I did much research before I bought my tractor in April/2001. It's a Kubota, 48 gross hp, 4x4, ag tires, and weighs about 7000 pounds with implements. What I often read was that even at that weight, that hp, I would be on the low end for buying a disc effective enough to break up sod...there was a certain weight per disc that was looked at. Anyways, I went with a tiller and loved it, but because of that initial research I was always a little skeptical that there would ever be a heavy enough disc to break up sod that could be pulled behind a 600# ATV. 

If the tiller ever goes down, I'll probably try a disc behind my tractor, but it seems that an actual ATV disc would really limit the use. If you were trying to manage your property, wouldn't a used tractor with implements in the $6000-7000 range be a better "all-around" purchase than an ATV with a light disc?

Again, I'd sell my tractor today if that weren't the case, but I'm just a little skeptical.


----------



## bishs (Aug 30, 2000)

Sod is very hard to break up with a disc. If conditions are right, it can be done with a lot of passes. I disc down corn stubble, weeds ect every spring with no problems. I always get on the fields before they get too bad. 

I know quite a few guys, don't use tractors because they do not live on their land. If that were the case for me, I would trailer my tractor there, and leave it, until the planting was done. Before I lived on my land, I kept my tractor in an old rickety shed. Maybe some of these guys could leave them in areas where they wouldn't be noticed, to avoid theft probelms. 

The tractors are great around the house in the winter, for plowing snow with the black blade.


----------



## Jeff Sturgis (Mar 28, 2002)

Bishs,

You don't disc with an ATV do you? I'm assuming you are saying they are even hard to disc with your tractor, let alone an ATV.


----------



## brokenarrow (Oct 6, 2003)

Jeff
The weight your talking about is 100# per disk. On my disk I am around 50 pounds per disk. It is over 860 pounds and I plan on adding a couple hundred more this spring but am a bit worried about the added stress on it when the boulders get knocked around. My best guess would be about 25 passes with the double row of disks I have. That of course is in my soil that is heavier than alot out there. Even after that many passes it is still marginal. Yes you can broadcast into it and seed will germinate but it does not look like a nice clean field. After 25 passes you realize that the tiller (like you have and I WILL have this year LOL) is a good choice if you have a mid sized tractor. 
My disk has 2 rows.
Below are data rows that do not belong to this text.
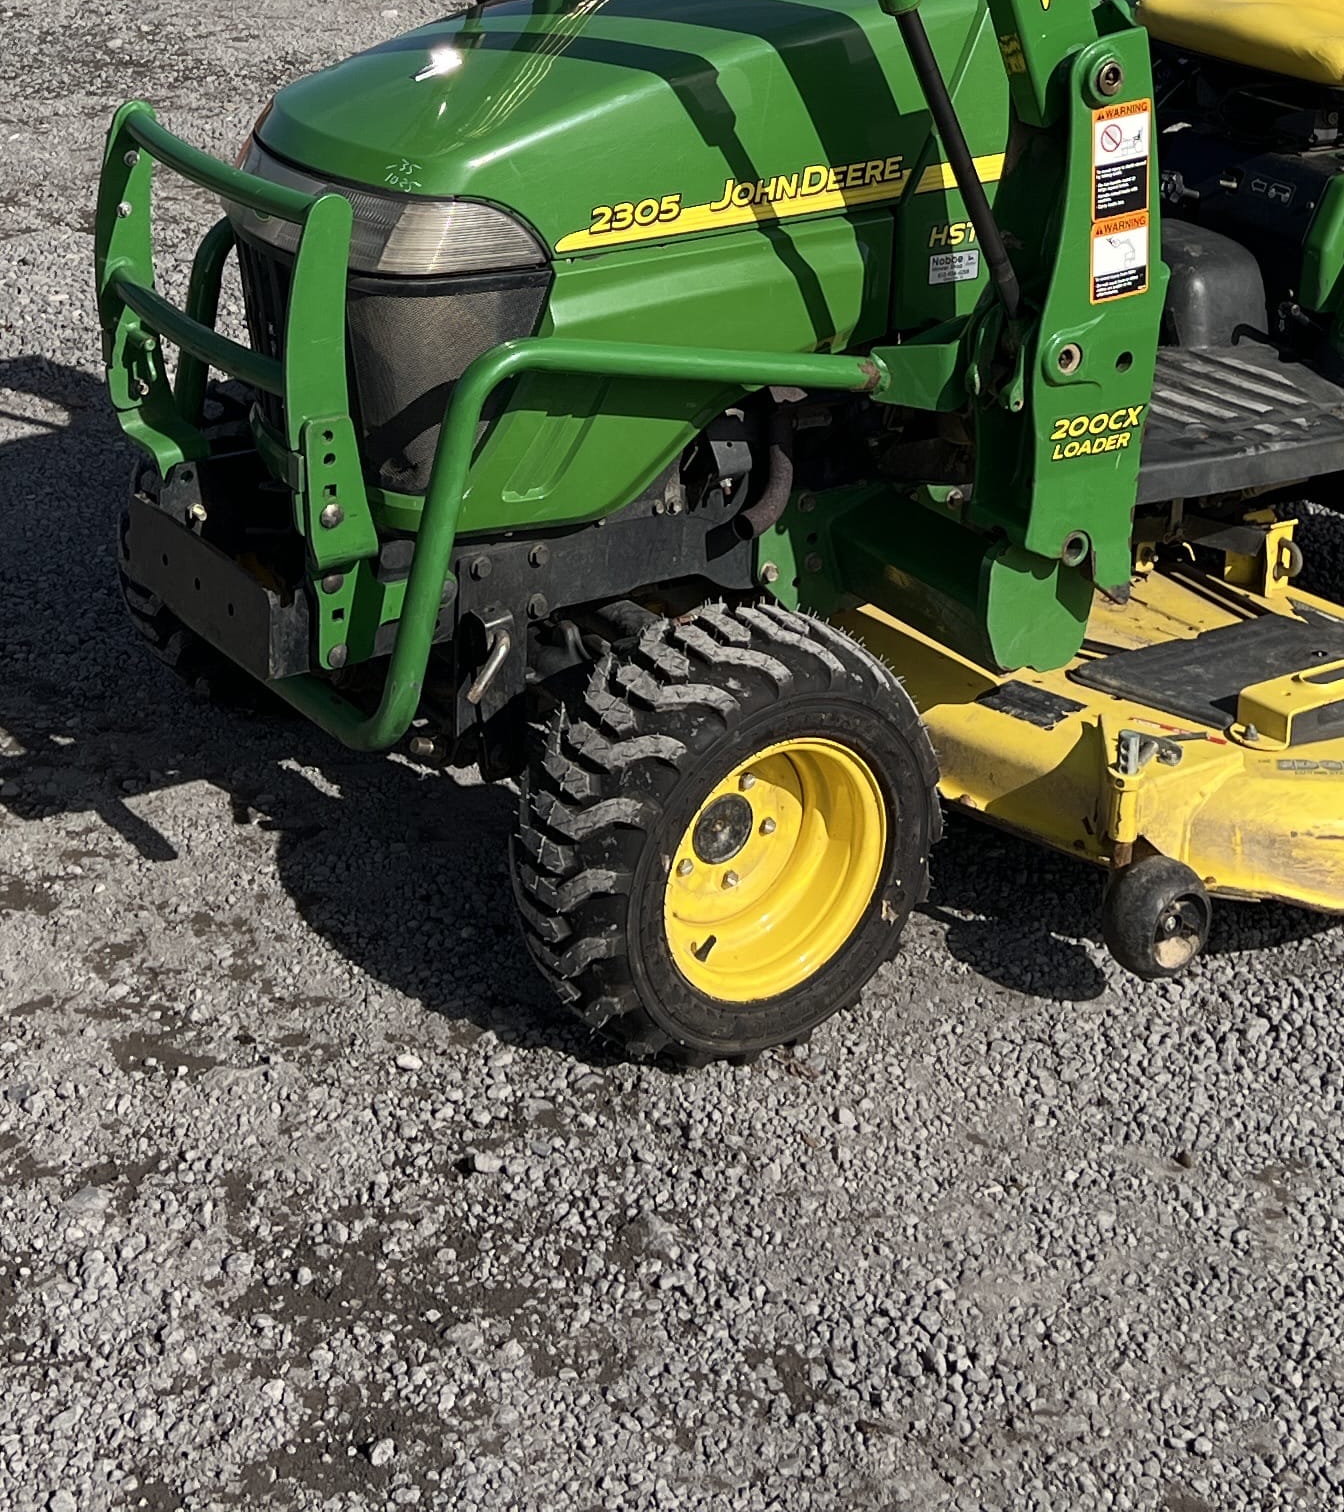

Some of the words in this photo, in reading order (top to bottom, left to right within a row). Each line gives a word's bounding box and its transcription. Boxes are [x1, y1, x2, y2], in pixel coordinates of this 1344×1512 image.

[1105, 101, 1148, 119] WARNING
[589, 193, 682, 235] 2305
[710, 172, 801, 212] JOHN
[799, 155, 904, 197] DEERE
[929, 221, 976, 247] HST
[1103, 215, 1146, 233] WARNING
[1050, 404, 1145, 440] 200CX
[1052, 432, 1132, 460] LOADER
Since I have no experiance with a disk with one row I would only be guessing but maybe one row and a lighter weight per disk may have a better chance in a sandy soil than a double rowed disk. (double row may want to float a bit more and less of a upward anglecould be put on it) I would love to actually watch one of these newer atv (disk masters or what ever name they give them) actually at work in a field. I know what I have for equipment and find it hard to imagine a 500 pound disk tearing up a sod filled plot that has not been broken for a few years. That is why I would love to see it first hand but I am often impressed with some of the new tecnology on the market (and often times I am not impressed because they were marketed more than they were researched).
Jeff, I did not buy my tiller last year for a few reasons that now seem to be foolish since the one I am going to buy went up $350 in price! Jeff, does your tractor have a gear or hydro? I am sure my gears are going to be slow enough for the tiller but was wondering if you have ever had a problem with the tractor not geared slow enough?


----------



## Shop Rat (Apr 8, 2006)

I totally agree. The atv disk should be used for ground that has been worked before. If you only plant plots that do not create sod you will be o.k. If the soil is light and sandy it will work too. Otherwise it rides on top. My brother and I use 4-wheelers for small plots and after some practice it goes really quickly. We plant 7 small plots from 1/4 to 3/4 acre each on 3 properties. When we plan a planting weekend, we sometimes have 3 or 4 4-wheelers and each has a different implement. We move to each plot with a disk, harrow drag and roller. If we break new ground or work anything bigger the tractor comes out. This year we are adding feeding type plots. My place has 2 overgrown pastures that are 7.5 acres each. I hope to plant one this year and both next year.


----------



## DANIEL MARK ZAPOLSKI (Sep 23, 2002)

Well, I Broke In The X-mass Toy.plan A, I Found That Going In A Straight Line The Ground Was Hard To Break Up And The Disc Did Bounce A Bit.
Plan B, I Decided To Try Going In A Circle And Stay In A Tight Circle After Watching The Disc Work When I Made A Wide Turn. Just As I Thought, That Disc Tore Up That Turf **just Like It Was For It**.so, With That Little Bit Of Knowledge I Did All Of My Ground Work In Circles ( Damn I Could Have Used Some Dramamine)after The Ground Was Broke Up I Would Change To Counter Clockwise Circles And Dig Even Deeper. Oh Yes, I Did Add 2 Cinder Blocks To The Unit To Make It Work Even Better.
The Tricks I Learned 1. Go In Circles 2. Add Weight 3. Go In Counter Clockwise Circles ***4*** Make Sure You Go As Slow As Possible And Watch Your Tool Work. I Would Go So Slow That My 700 Polaris Would Stall Out In The Turn. But Going That Slow Sure Did Tear Up That Ground.
14.5k Square Foot Of New Food Plot In ****4 Hours**** And 2.23 Tons Of Dolimite Put To The Ground By Hand. And I Tube Of Grease For The Bearings.


----------



## Lew (Jun 8, 2003)

DMZ, I discovered the same thing that going in cirlces made the disc more effective. I also build a box on top of the disc to add rocks for weight. I have the KK ATV disc. My good firend has a tractor and farm disc and there is no comparison. So on new ground, I find it best to get him over and do the initial pass to break up hard ground and sod. The ATV disc gives me the freedom to do alot of the work on my own and fine tune food plots to my own satisfaction. It also works good for planting large seed like buckwheat. Lew


----------